-------- Records to process
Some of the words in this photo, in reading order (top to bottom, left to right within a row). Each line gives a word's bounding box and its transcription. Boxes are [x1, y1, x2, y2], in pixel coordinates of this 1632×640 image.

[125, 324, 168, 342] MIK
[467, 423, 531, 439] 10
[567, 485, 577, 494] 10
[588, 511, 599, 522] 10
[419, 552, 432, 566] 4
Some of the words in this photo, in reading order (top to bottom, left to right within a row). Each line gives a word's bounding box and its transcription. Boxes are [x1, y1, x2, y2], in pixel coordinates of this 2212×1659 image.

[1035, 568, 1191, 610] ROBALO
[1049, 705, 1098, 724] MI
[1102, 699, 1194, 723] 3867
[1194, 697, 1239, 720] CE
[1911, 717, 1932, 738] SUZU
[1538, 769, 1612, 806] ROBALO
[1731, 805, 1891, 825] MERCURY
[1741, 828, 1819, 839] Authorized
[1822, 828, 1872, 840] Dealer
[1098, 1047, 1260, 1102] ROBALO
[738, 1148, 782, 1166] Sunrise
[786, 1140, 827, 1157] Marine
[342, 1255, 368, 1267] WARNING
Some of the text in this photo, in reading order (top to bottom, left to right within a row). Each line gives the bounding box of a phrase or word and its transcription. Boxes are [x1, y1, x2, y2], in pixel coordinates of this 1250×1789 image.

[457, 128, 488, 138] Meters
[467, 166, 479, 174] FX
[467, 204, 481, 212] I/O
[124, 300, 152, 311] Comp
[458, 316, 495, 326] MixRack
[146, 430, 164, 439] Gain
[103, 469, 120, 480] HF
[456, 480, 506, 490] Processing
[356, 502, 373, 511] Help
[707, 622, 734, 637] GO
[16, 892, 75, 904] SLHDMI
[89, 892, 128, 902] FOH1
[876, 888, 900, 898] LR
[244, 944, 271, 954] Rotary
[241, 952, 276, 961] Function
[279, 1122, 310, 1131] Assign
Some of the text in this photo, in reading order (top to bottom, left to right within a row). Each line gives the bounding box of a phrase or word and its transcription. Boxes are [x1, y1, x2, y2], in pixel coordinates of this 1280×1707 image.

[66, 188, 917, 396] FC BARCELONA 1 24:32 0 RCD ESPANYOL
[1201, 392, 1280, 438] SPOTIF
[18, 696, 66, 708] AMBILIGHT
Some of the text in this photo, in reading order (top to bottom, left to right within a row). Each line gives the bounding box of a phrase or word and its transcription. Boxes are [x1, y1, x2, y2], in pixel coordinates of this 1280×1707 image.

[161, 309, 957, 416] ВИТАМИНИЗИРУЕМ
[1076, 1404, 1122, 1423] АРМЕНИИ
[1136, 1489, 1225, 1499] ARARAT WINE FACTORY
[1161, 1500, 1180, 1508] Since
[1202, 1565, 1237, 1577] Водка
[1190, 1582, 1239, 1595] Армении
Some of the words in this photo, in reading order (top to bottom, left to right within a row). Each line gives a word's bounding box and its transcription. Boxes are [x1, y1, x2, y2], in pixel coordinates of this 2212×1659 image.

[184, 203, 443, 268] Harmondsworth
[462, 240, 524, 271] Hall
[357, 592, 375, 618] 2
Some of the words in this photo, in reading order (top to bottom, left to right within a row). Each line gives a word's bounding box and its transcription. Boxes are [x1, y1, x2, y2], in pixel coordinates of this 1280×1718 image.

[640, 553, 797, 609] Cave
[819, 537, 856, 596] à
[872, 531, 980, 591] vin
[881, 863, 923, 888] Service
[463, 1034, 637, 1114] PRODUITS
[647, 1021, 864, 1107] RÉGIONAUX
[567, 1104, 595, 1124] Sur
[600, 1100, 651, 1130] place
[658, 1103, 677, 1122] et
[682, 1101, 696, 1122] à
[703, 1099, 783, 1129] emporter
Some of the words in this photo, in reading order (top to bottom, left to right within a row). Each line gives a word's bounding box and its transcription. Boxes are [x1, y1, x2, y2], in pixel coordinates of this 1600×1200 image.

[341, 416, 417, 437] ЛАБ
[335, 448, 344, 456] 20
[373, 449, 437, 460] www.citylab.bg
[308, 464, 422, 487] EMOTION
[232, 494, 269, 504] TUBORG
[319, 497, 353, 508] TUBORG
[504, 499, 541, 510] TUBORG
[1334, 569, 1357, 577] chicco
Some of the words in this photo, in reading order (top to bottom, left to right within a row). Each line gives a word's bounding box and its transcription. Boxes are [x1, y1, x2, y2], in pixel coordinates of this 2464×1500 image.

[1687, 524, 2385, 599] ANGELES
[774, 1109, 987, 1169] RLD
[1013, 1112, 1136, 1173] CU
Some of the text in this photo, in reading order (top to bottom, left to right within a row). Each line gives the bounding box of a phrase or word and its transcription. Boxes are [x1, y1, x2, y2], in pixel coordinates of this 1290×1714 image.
----------------
● Task to carry out
Reproduce the listing above exactly.

● Written reply
Some of the words in this photo, in reading order (top to bottom, left to right within a row). Each line gives a word's bounding box and its transcription. Boxes are [x1, y1, x2, y2], in pixel coordinates of this 1632×640 image.

[125, 324, 168, 342] MIK
[467, 423, 531, 439] 10
[567, 485, 577, 494] 10
[588, 511, 599, 522] 10
[419, 552, 432, 566] 4
Some of the words in this photo, in reading order (top to bottom, left to right within a row). Each line gives a word's bounding box and its transcription. Boxes are [x1, y1, x2, y2], in pixel coordinates of this 2212×1659 image.

[1035, 568, 1191, 610] ROBALO
[1049, 705, 1098, 724] MI
[1102, 699, 1194, 723] 3867
[1194, 697, 1239, 720] CE
[1911, 717, 1932, 738] SUZU
[1538, 769, 1612, 806] ROBALO
[1731, 805, 1891, 825] MERCURY
[1741, 828, 1819, 839] Authorized
[1822, 828, 1872, 840] Dealer
[1098, 1047, 1260, 1102] ROBALO
[738, 1148, 782, 1166] Sunrise
[786, 1140, 827, 1157] Marine
[342, 1255, 368, 1267] WARNING
Some of the text in this photo, in reading order (top to bottom, left to right within a row). Each line gives the bounding box of a phrase or word and its transcription. Boxes are [x1, y1, x2, y2], in pixel coordinates of this 1250×1789 image.

[457, 128, 488, 138] Meters
[467, 166, 479, 174] FX
[467, 204, 481, 212] I/O
[124, 300, 152, 311] Comp
[458, 316, 495, 326] MixRack
[146, 430, 164, 439] Gain
[103, 469, 120, 480] HF
[456, 480, 506, 490] Processing
[356, 502, 373, 511] Help
[707, 622, 734, 637] GO
[16, 892, 75, 904] SLHDMI
[89, 892, 128, 902] FOH1
[876, 888, 900, 898] LR
[244, 944, 271, 954] Rotary
[241, 952, 276, 961] Function
[279, 1122, 310, 1131] Assign
Some of the text in this photo, in reading order (top to bottom, left to right within a row). Each line gives the bounding box of a phrase or word and its transcription. Boxes are [x1, y1, x2, y2], in pixel coordinates of this 1280×1707 image.

[66, 188, 917, 396] FC BARCELONA 1 24:32 0 RCD ESPANYOL
[1201, 392, 1280, 438] SPOTIF
[18, 696, 66, 708] AMBILIGHT
Some of the text in this photo, in reading order (top to bottom, left to right within a row). Each line gives the bounding box of a phrase or word and its transcription. Boxes are [x1, y1, x2, y2], in pixel coordinates of this 1280×1707 image.

[161, 309, 957, 416] ВИТАМИНИЗИРУЕМ
[1076, 1404, 1122, 1423] АРМЕНИИ
[1136, 1489, 1225, 1499] ARARAT WINE FACTORY
[1161, 1500, 1180, 1508] Since
[1202, 1565, 1237, 1577] Водка
[1190, 1582, 1239, 1595] Армении
Some of the words in this photo, in reading order (top to bottom, left to right within a row). Each line gives a word's bounding box and its transcription. Boxes are [x1, y1, x2, y2], in pixel coordinates of this 2212×1659 image.

[184, 203, 443, 268] Harmondsworth
[462, 240, 524, 271] Hall
[357, 592, 375, 618] 2
Some of the words in this photo, in reading order (top to bottom, left to right within a row). Each line gives a word's bounding box and its transcription. Boxes are [x1, y1, x2, y2], in pixel coordinates of this 1280×1718 image.

[640, 553, 797, 609] Cave
[819, 537, 856, 596] à
[872, 531, 980, 591] vin
[881, 863, 923, 888] Service
[463, 1034, 637, 1114] PRODUITS
[647, 1021, 864, 1107] RÉGIONAUX
[567, 1104, 595, 1124] Sur
[600, 1100, 651, 1130] place
[658, 1103, 677, 1122] et
[682, 1101, 696, 1122] à
[703, 1099, 783, 1129] emporter
Some of the words in this photo, in reading order (top to bottom, left to right within a row). Each line gives a word's bounding box and its transcription. Boxes are [x1, y1, x2, y2], in pixel coordinates of this 1600×1200 image.

[341, 416, 417, 437] ЛАБ
[335, 448, 344, 456] 20
[373, 449, 437, 460] www.citylab.bg
[308, 464, 422, 487] EMOTION
[232, 494, 269, 504] TUBORG
[319, 497, 353, 508] TUBORG
[504, 499, 541, 510] TUBORG
[1334, 569, 1357, 577] chicco
Some of the words in this photo, in reading order (top to bottom, left to right within a row). Each line gives a word's bounding box and its transcription. Boxes are [x1, y1, x2, y2], in pixel coordinates of this 2464×1500 image.

[1687, 524, 2385, 599] ANGELES
[774, 1109, 987, 1169] RLD
[1013, 1112, 1136, 1173] CU
Some of the text in this photo, in reading order (top to bottom, left to right within a row). Each line gives the bounding box of a phrase or word and its transcription. Boxes are [x1, y1, x2, y2], in pixel coordinates of this 1290×1714 image.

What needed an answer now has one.